Stored entries:
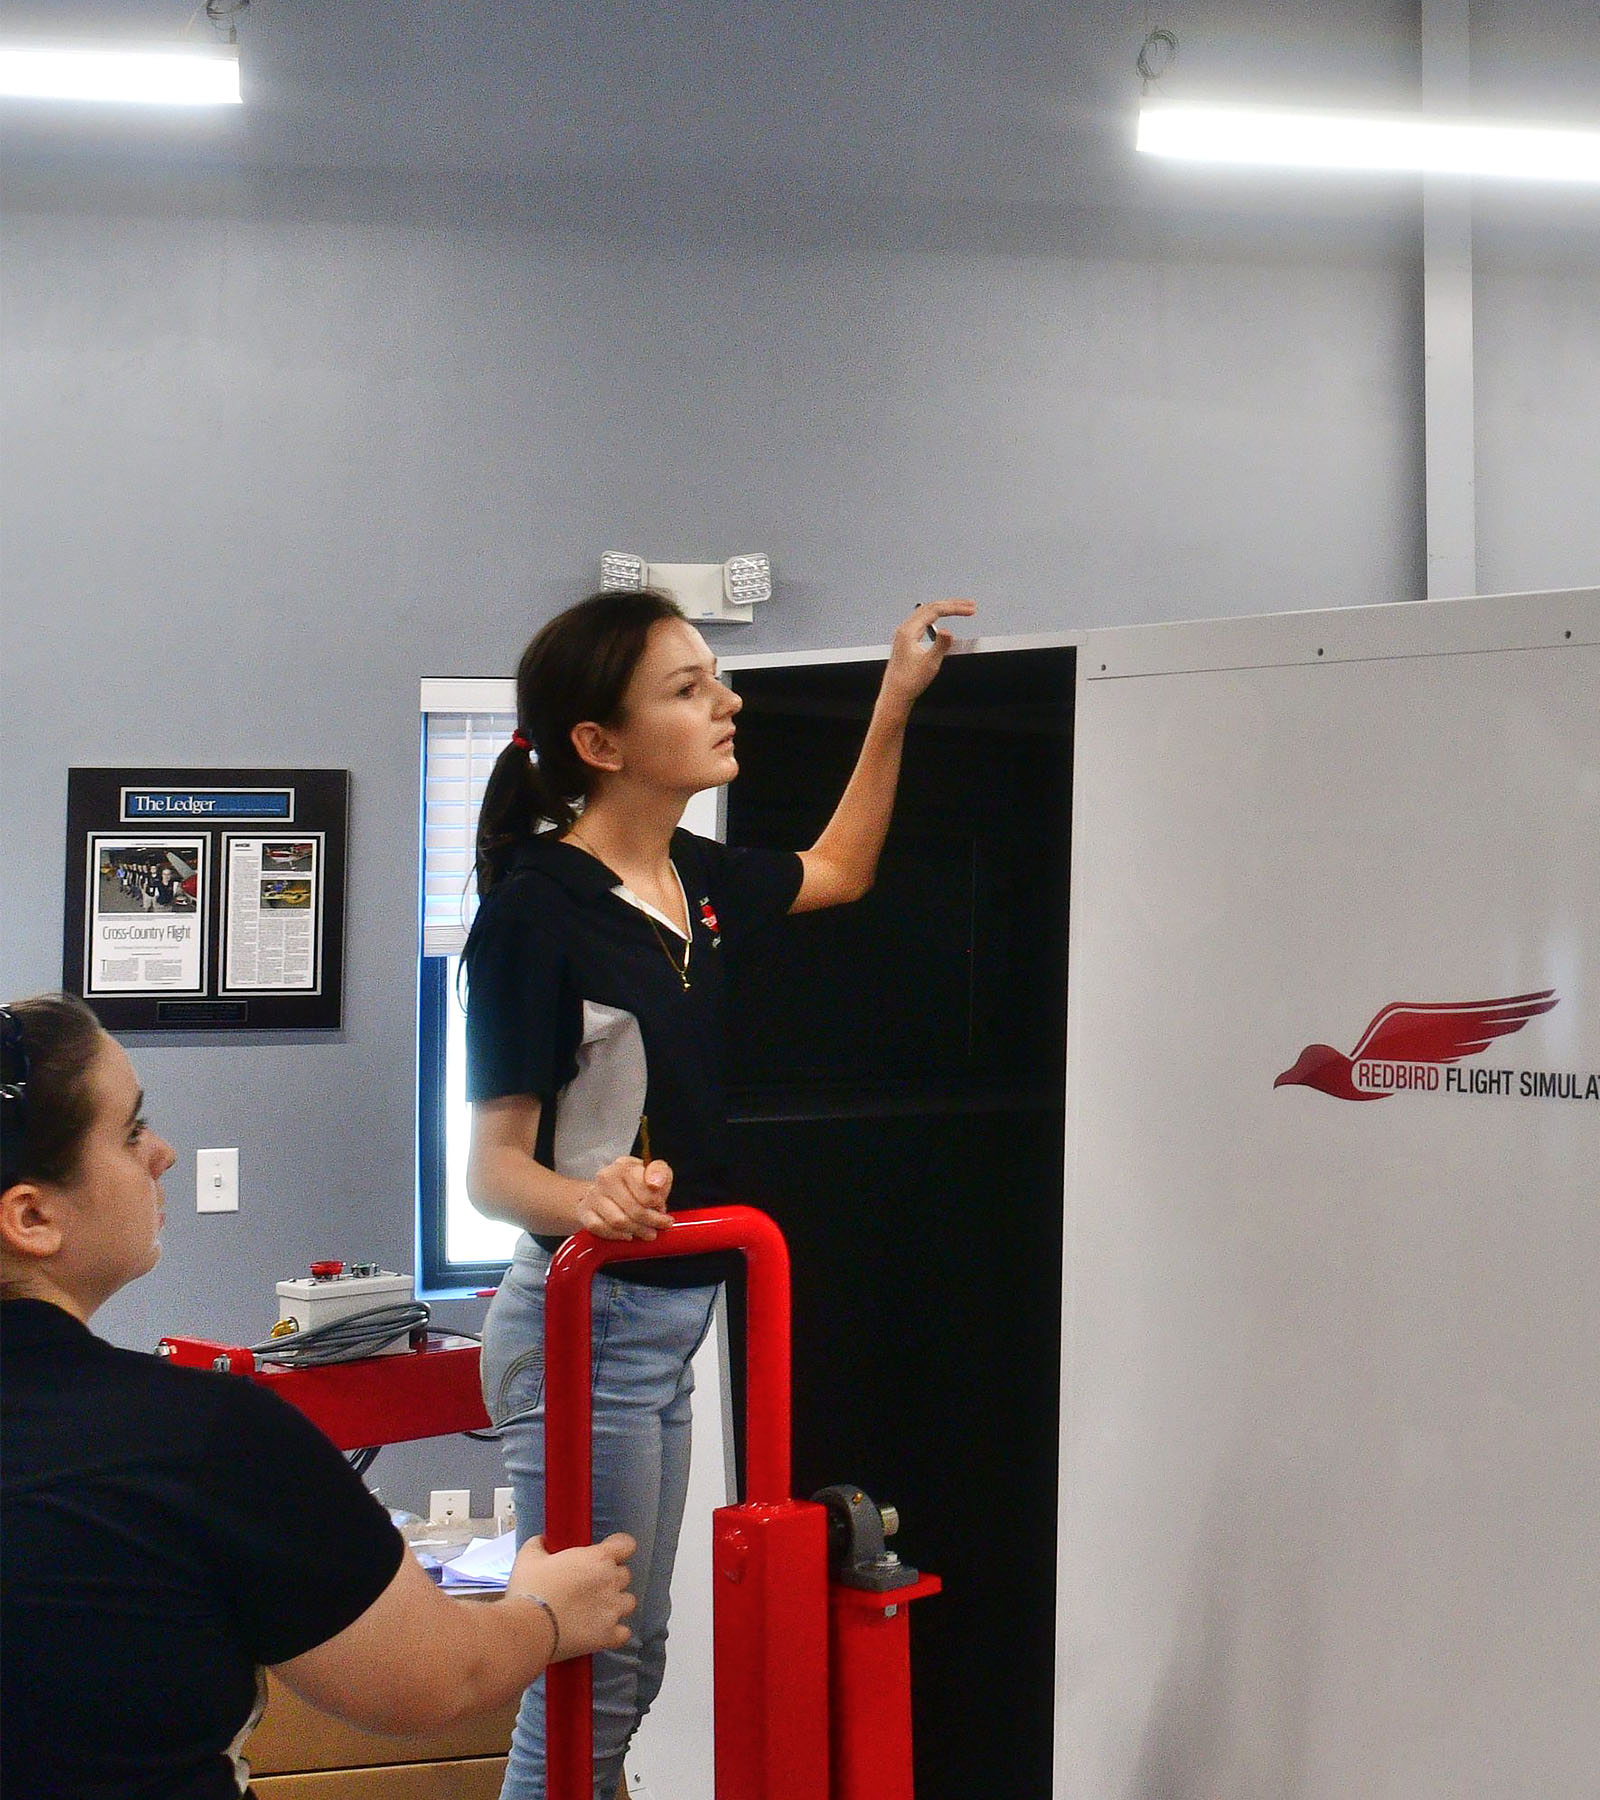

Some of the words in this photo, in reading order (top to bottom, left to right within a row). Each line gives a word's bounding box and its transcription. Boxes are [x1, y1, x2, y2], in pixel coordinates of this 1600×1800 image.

[135, 796, 164, 812] The
[165, 796, 216, 814] Ledger
[103, 926, 165, 941] Cross-Country
[167, 925, 192, 942] Flight
[1358, 1063, 1440, 1091] REDBIRD
[1445, 1068, 1515, 1097] FLIGHT

*Work instruction:* What is needed here is an exact copy of every record, with the pictures left out.

*Response box:*
Some of the words in this photo, in reading order (top to bottom, left to right within a row). Each line gives a word's bounding box and its transcription. Boxes are [x1, y1, x2, y2], in pixel coordinates of this 1600×1800 image.

[135, 796, 164, 812] The
[165, 796, 216, 814] Ledger
[103, 926, 165, 941] Cross-Country
[167, 925, 192, 942] Flight
[1358, 1063, 1440, 1091] REDBIRD
[1445, 1068, 1515, 1097] FLIGHT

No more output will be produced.